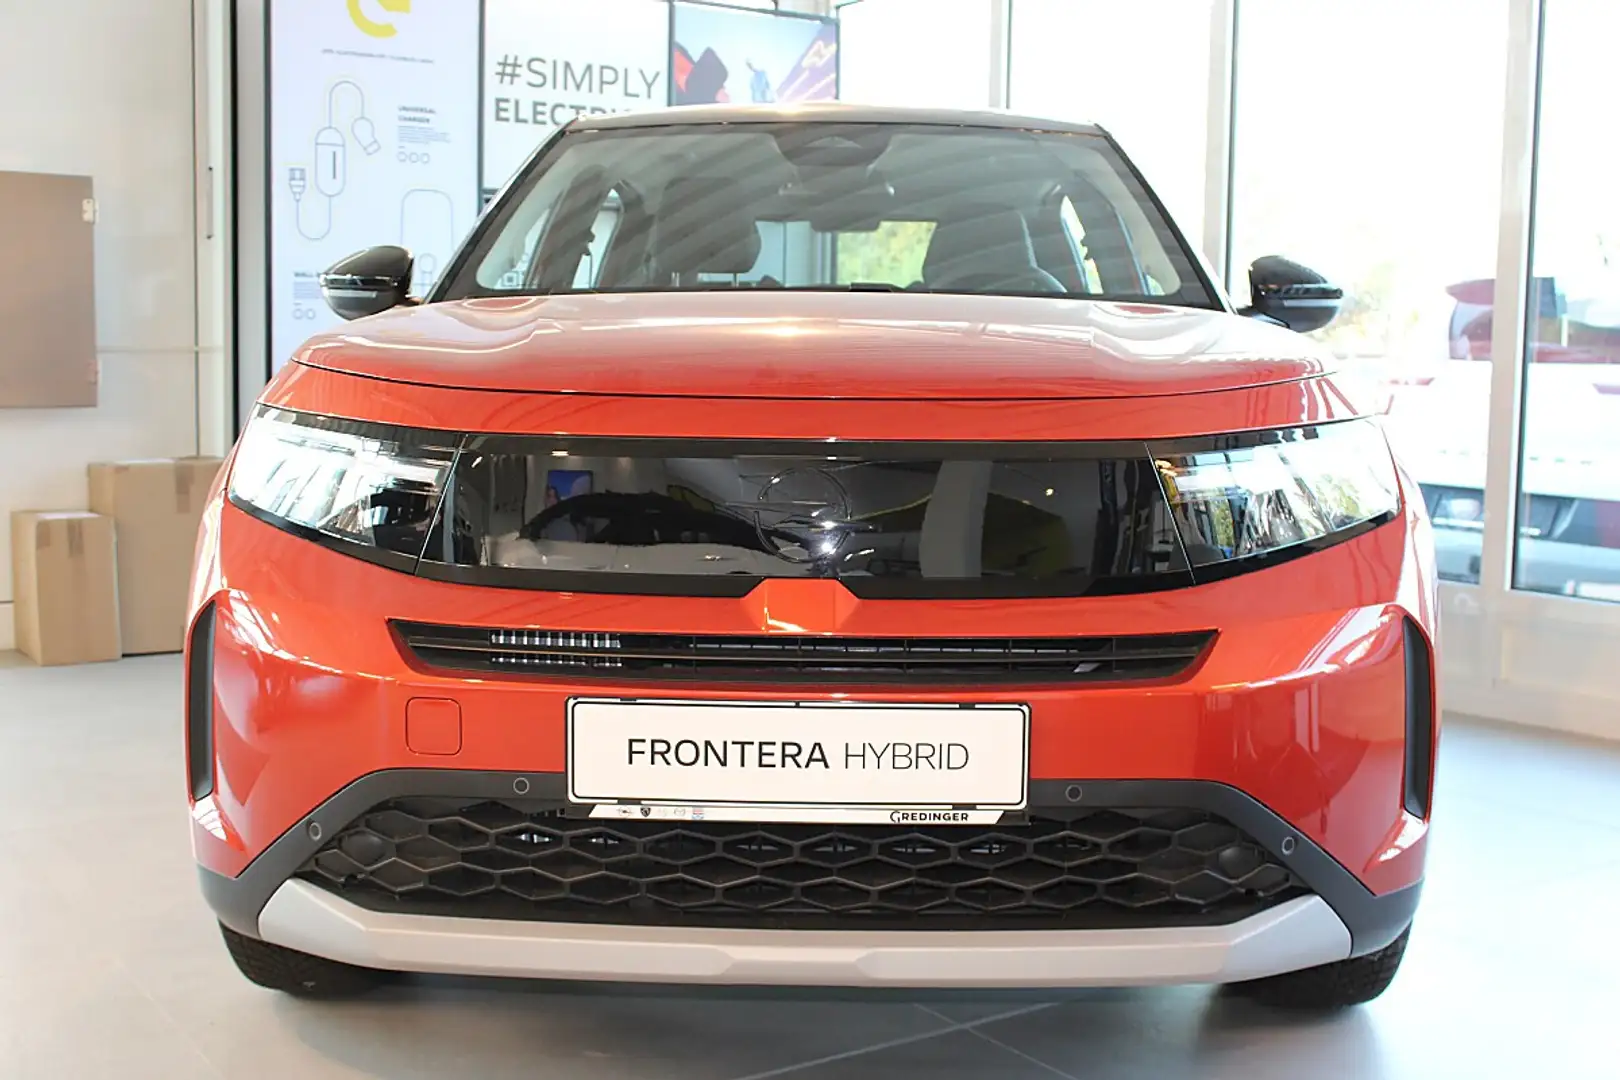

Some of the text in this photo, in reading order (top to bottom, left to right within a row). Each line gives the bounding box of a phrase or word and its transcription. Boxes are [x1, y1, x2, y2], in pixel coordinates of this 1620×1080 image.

[495, 54, 660, 99] #SIMPLY
[628, 738, 970, 770] FRONTERA HYBRID
[889, 811, 969, 823] GREDINGER
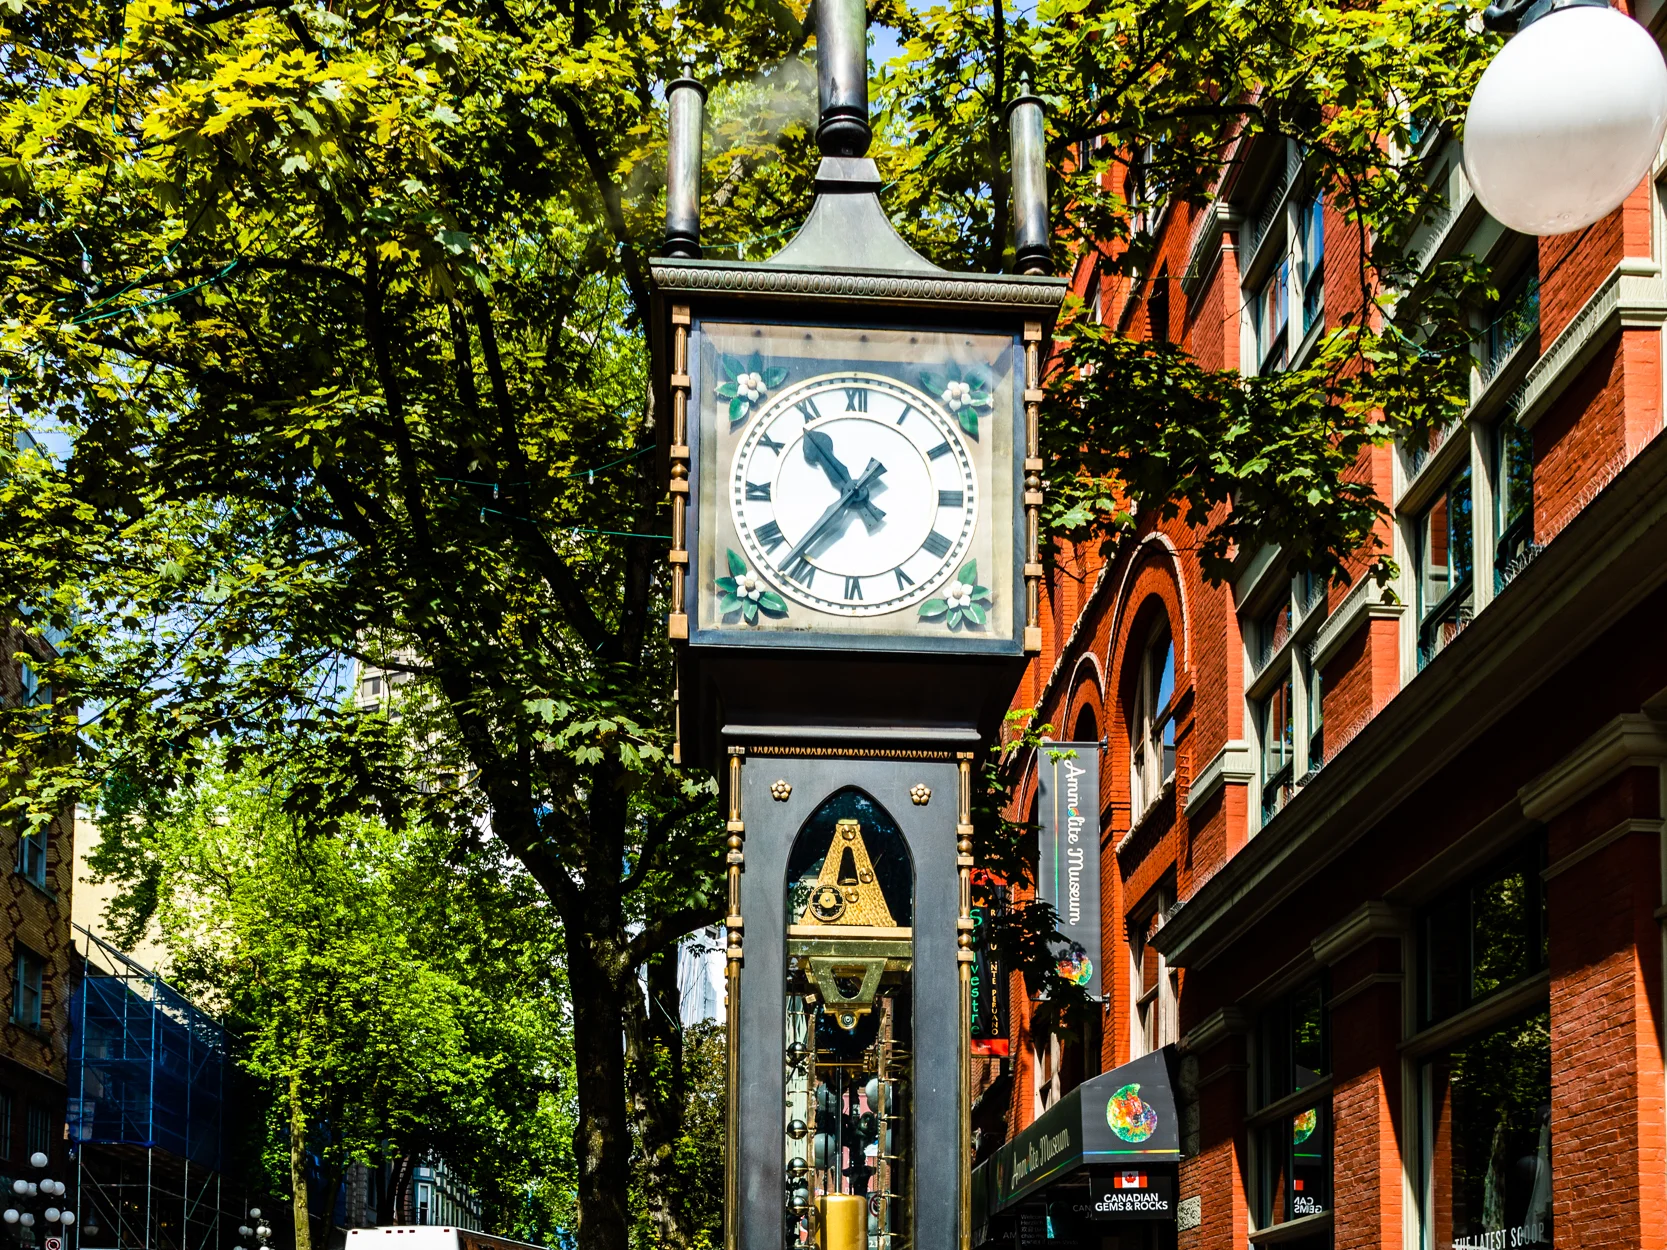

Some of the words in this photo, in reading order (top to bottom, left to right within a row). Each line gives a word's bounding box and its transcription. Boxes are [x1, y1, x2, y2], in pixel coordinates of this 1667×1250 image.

[794, 397, 821, 424] XI
[844, 388, 868, 413] XII
[1064, 760, 1086, 844] Ammolite
[1067, 848, 1084, 926] Museum
[991, 989, 999, 1036] PERUANO
[1095, 1202, 1124, 1211] GEMS
[1125, 1202, 1133, 1211] &
[1134, 1201, 1168, 1211] ROCKS
[1103, 1193, 1158, 1202] CANADIAN
[1511, 1222, 1544, 1248] SCOOP
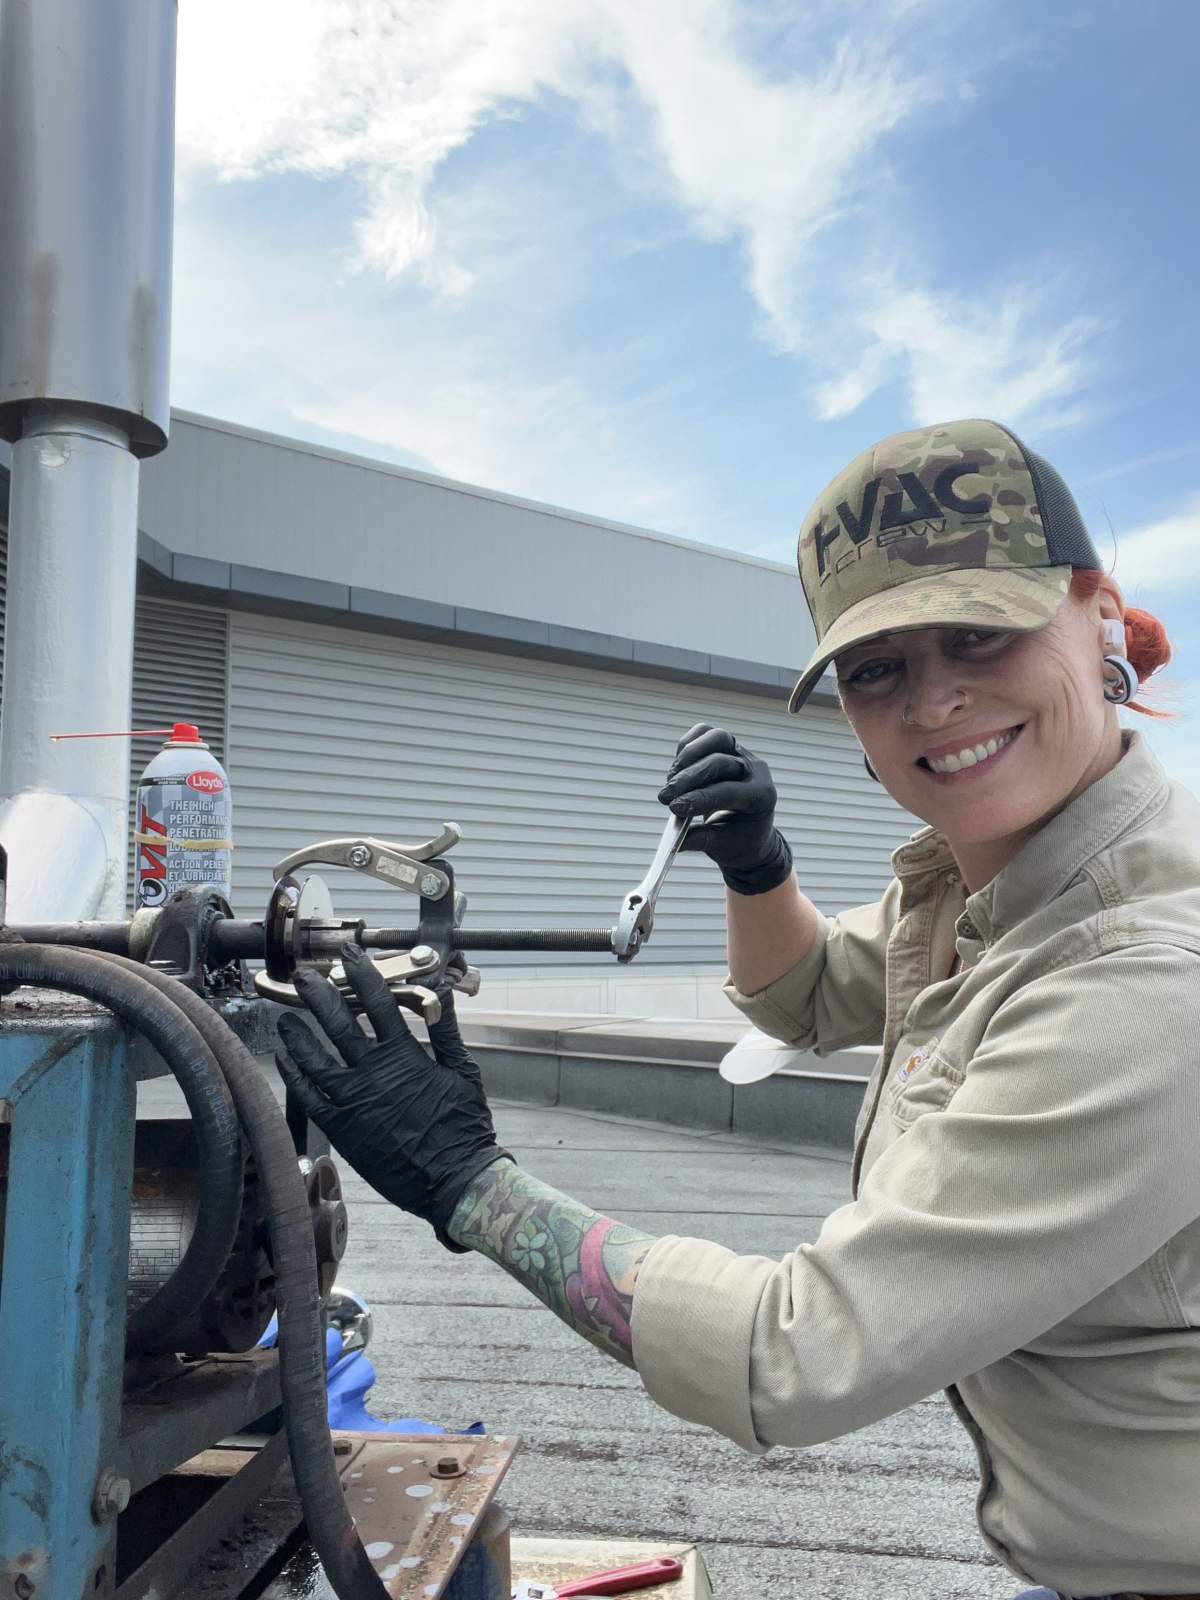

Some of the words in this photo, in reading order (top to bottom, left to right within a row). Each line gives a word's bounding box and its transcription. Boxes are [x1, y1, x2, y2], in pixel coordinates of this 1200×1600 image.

[814, 462, 993, 578] HVAC
[192, 774, 223, 790] Lloyds
[169, 800, 189, 811] THE
[191, 800, 215, 811] HIGH
[168, 860, 201, 869] ACTION
[169, 872, 179, 881] ET
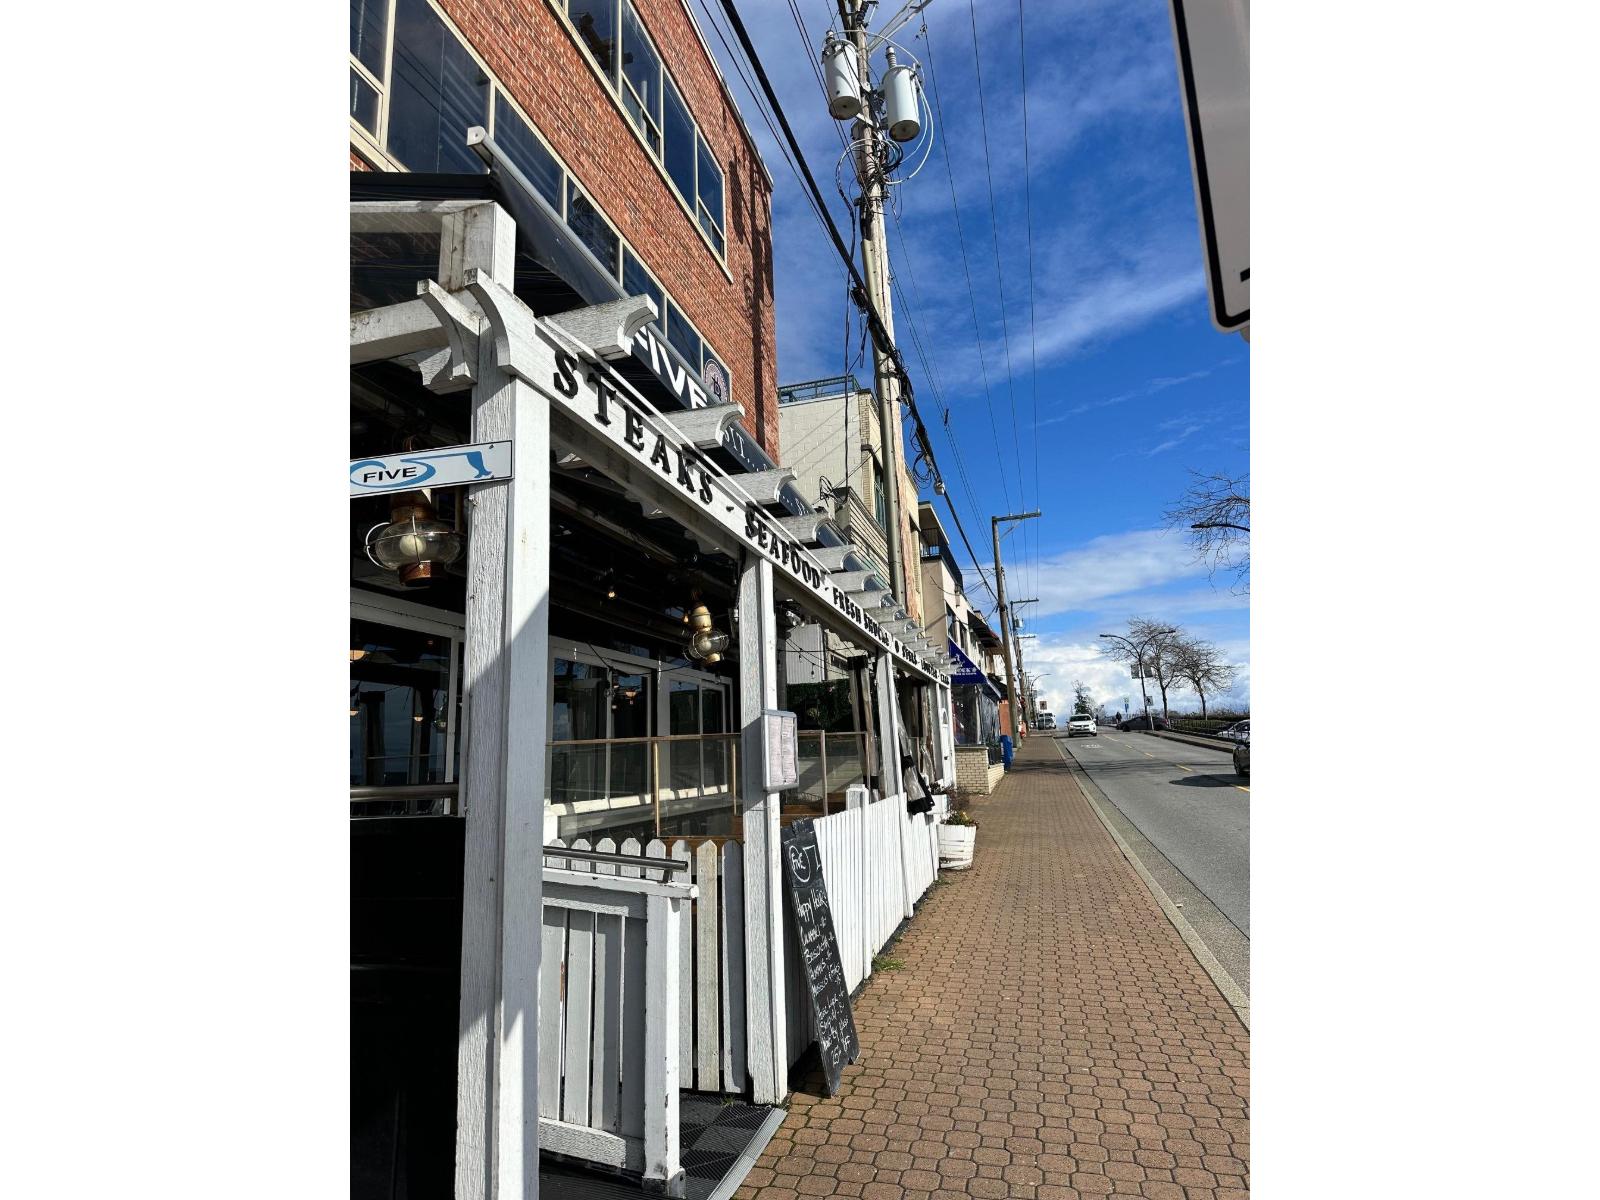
══════════════════════════════
◆ Task objective:
Return the listing verbatim, pictures excluded.

◆ Expected answer:
Some of the text in this photo, in reading order (top to bottom, left to right within a row). Each line gives the bounding box of a phrase or word and its transcription. Boxes are [x1, y1, x2, y2], in pixel coordinates of this 1620×1080 image.

[495, 54, 660, 99] #SIMPLY
[628, 738, 970, 770] FRONTERA HYBRID
[889, 811, 969, 823] GREDINGER

Some of the words in this photo, in reading order (top to bottom, left to right within a row). Each line gives a word's bounding box and its transcription. Boxes are [x1, y1, x2, y2], in pixel coordinates of this 1667×1250 image.

[794, 397, 821, 424] XI
[844, 388, 868, 413] XII
[1064, 760, 1086, 844] Ammolite
[1067, 848, 1084, 926] Museum
[991, 989, 999, 1036] PERUANO
[1095, 1202, 1124, 1211] GEMS
[1125, 1202, 1133, 1211] &
[1134, 1201, 1168, 1211] ROCKS
[1103, 1193, 1158, 1202] CANADIAN
[1511, 1222, 1544, 1248] SCOOP

Some of the words in this photo, in reading order (top to bottom, left to right within a row). Each line gives a word's bounding box and its transcription. Boxes are [x1, y1, x2, y2], in pixel coordinates of this 1200×1600 image.

[814, 462, 993, 578] HVAC
[192, 774, 223, 790] Lloyds
[169, 800, 189, 811] THE
[191, 800, 215, 811] HIGH
[168, 860, 201, 869] ACTION
[169, 872, 179, 881] ET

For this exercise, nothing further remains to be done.